Amor Amor (Our Love Songs) is a Portuguese telenovela which began airing on SIC on 4 January 2021 and ended on 5 June 2022.

Plot

Season 1 
Linda and Romeu have always been best friends – and singers in rival bands. 
When he turned 18, Linda declared her love, showing him a song she wrote about them.

The two got involved, but soon after Romeo went on tour with his father's band, and he was seduced by one of the singers - the sexy Vanessa.

Later, Linda decides to seek Romeu and after a fatal accident with Romeu's father, they decide to run away.

But the plan changes when Vanessa discovers she is pregnant of Romeu's father, with whom she was also involved with. Duly instructed by her mischievous sister, Angela, she reports Linda to the police.

Thinking she has been betrayed by Romeu, Linda goes to Luxembourg. While the heartbroken Romeu accepts Angela's proposal to become a great singer, if he marries Vanessa and takes the baby that Romeu believes to be his.

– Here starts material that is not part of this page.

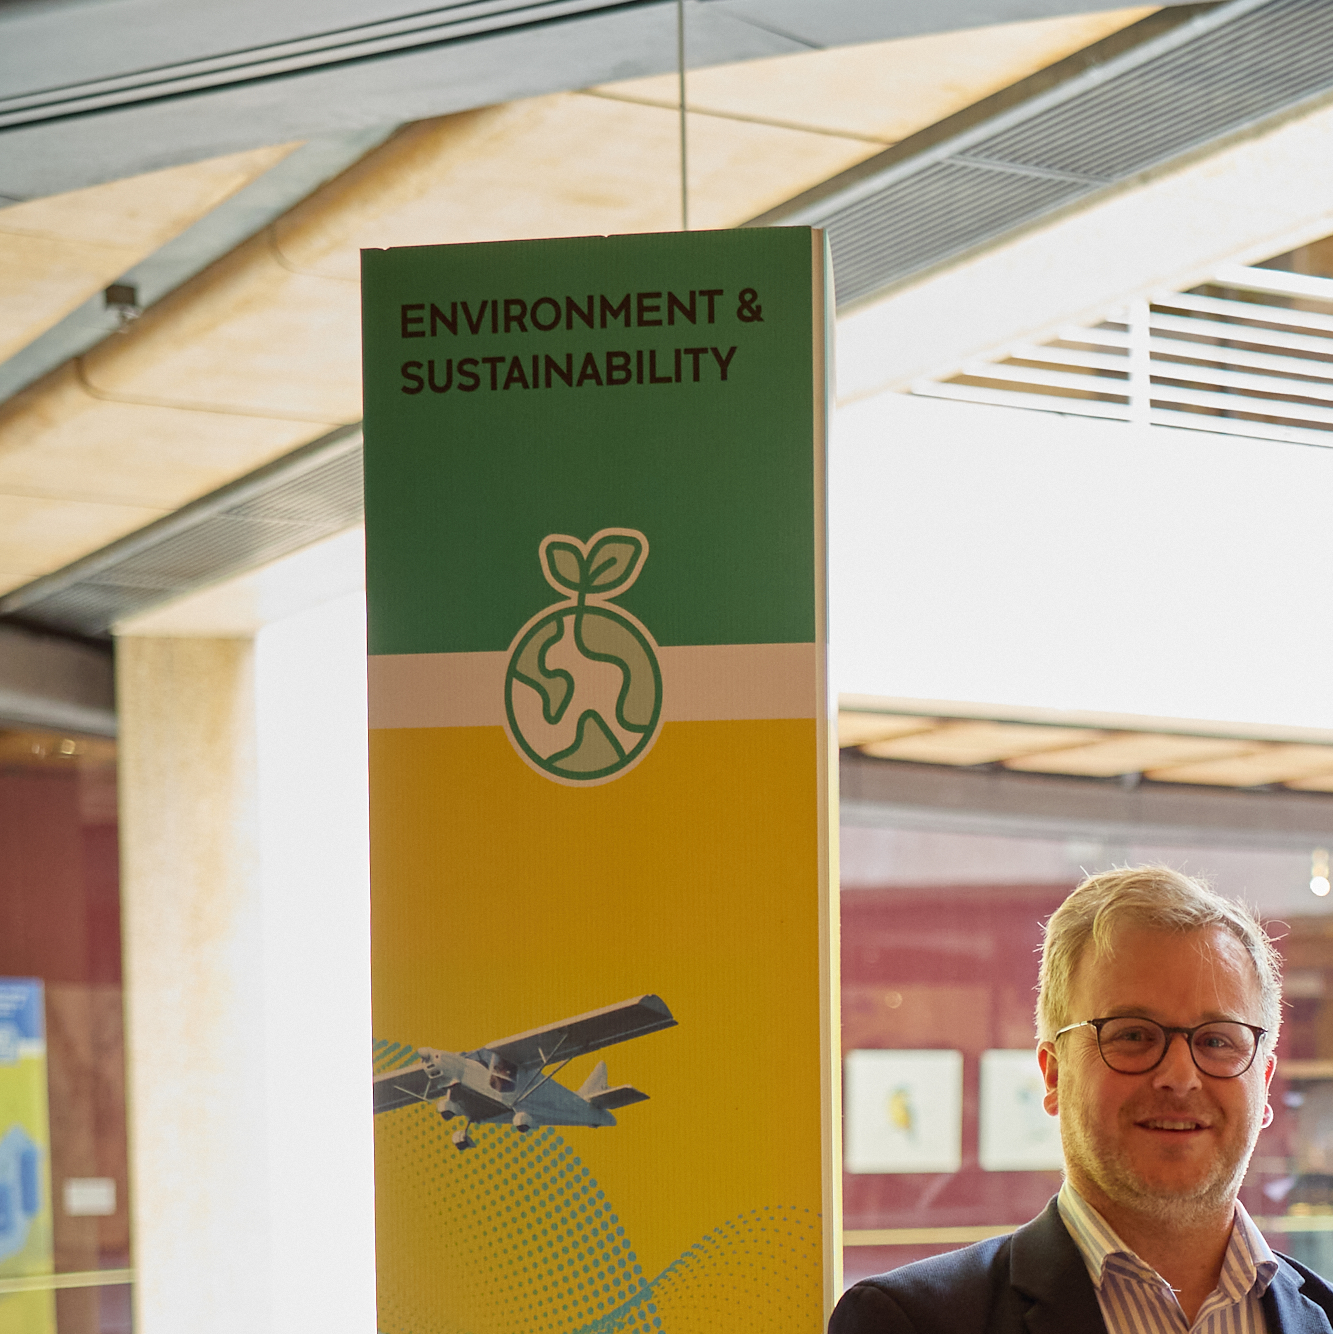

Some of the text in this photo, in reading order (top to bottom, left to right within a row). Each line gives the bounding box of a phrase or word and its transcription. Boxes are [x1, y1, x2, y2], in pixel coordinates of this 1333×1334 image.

[400, 288, 765, 339] ENVIRONMENT &
[400, 346, 738, 395] SUSTAINABILITY

Months later, Linda attends one of Romeu's concerts, where he proposes to Vanessa and dedicates the song she wrote, when they were 18, as if it was written by him. That night in the exact same hospital, both Linda, who is pregnant with Romeu's child, and Vanessa go into labour. A failure on the hospital's electrical system will cause a swap of babies, and without knowing anything, Linda ends up raising the daughter of the woman who stole the great love of her life.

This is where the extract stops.